Reflexionó sobre lo que sabía de la isla y se dio cuenta de que los chicos estarían aislados en un rincón donde no conocían a nadie, con dos únicos pasatiempos: nadar y remar. Estarían enclaustrados en una casa con la compañía de sus padres.

—Quizá lo mejor es que vaya solo —concluyó antes de que Paola respondiese.

Sin esperar a que ella dijese nada más, miró el libro, lo levantó y leyó en voz alta lo que Plinio le había escrito al emperador:

Soy plenamente consciente de que, dado que cuenta con la condición social más alta y tiene el don de la más espléndida elocuencia y la inteligencia más consumada, incluso aquellos que acuden a presentarle sus respetos lo hacen con auténtica veneración.

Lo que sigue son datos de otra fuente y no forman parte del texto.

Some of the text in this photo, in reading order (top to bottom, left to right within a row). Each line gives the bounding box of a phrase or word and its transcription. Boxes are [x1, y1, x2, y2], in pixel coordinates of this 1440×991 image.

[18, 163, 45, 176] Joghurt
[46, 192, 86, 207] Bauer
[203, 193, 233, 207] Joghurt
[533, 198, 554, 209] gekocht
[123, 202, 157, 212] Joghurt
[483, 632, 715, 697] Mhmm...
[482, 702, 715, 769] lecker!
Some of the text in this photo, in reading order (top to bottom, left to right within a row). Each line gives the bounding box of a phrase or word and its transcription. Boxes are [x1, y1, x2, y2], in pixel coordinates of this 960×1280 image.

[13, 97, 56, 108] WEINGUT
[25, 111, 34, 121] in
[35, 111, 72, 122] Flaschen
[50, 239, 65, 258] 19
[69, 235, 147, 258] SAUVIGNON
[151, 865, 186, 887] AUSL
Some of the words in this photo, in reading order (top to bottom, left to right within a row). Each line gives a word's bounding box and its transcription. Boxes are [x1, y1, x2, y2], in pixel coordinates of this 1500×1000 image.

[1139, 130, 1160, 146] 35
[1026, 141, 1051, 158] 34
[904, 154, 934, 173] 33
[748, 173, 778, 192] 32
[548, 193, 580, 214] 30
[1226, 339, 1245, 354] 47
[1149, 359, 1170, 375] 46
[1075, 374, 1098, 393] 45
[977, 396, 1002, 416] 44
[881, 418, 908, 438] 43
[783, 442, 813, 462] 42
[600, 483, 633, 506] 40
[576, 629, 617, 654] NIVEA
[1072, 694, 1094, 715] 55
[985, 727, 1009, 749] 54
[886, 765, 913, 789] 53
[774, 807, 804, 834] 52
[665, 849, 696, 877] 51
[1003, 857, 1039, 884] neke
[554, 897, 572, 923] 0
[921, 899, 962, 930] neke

Apartó la mirada de la página para ver su reacción y la descubrió boquiabierta junto a la puerta, así que fue a un parágrafo anterior:

El alcance de su prosperidad tampoco ha producido en su persona cambio alguno, salvo para otorgarle el poder de hacer el bien hasta colmar todos sus deseos de bondad. Y si bien dichas circunstancias no hacen sino acrecentar la veneración que los demás le profesan, en lo que a mí respecta me han envalentonado hasta el punto de buscar una cercanía muy superior.

Esa vez la miró y enarcó las cejas con aire interrogante, habiendo decidido ahorrarle el servilismo repugnante de la frase siguiente: «Qué fertilidad de ingenio la vuestra».

—¿Eso qué es, el prefacio de la carta a Patta para pedirle la baja? —preguntó Paola cuando se hubo repuesto del asombro.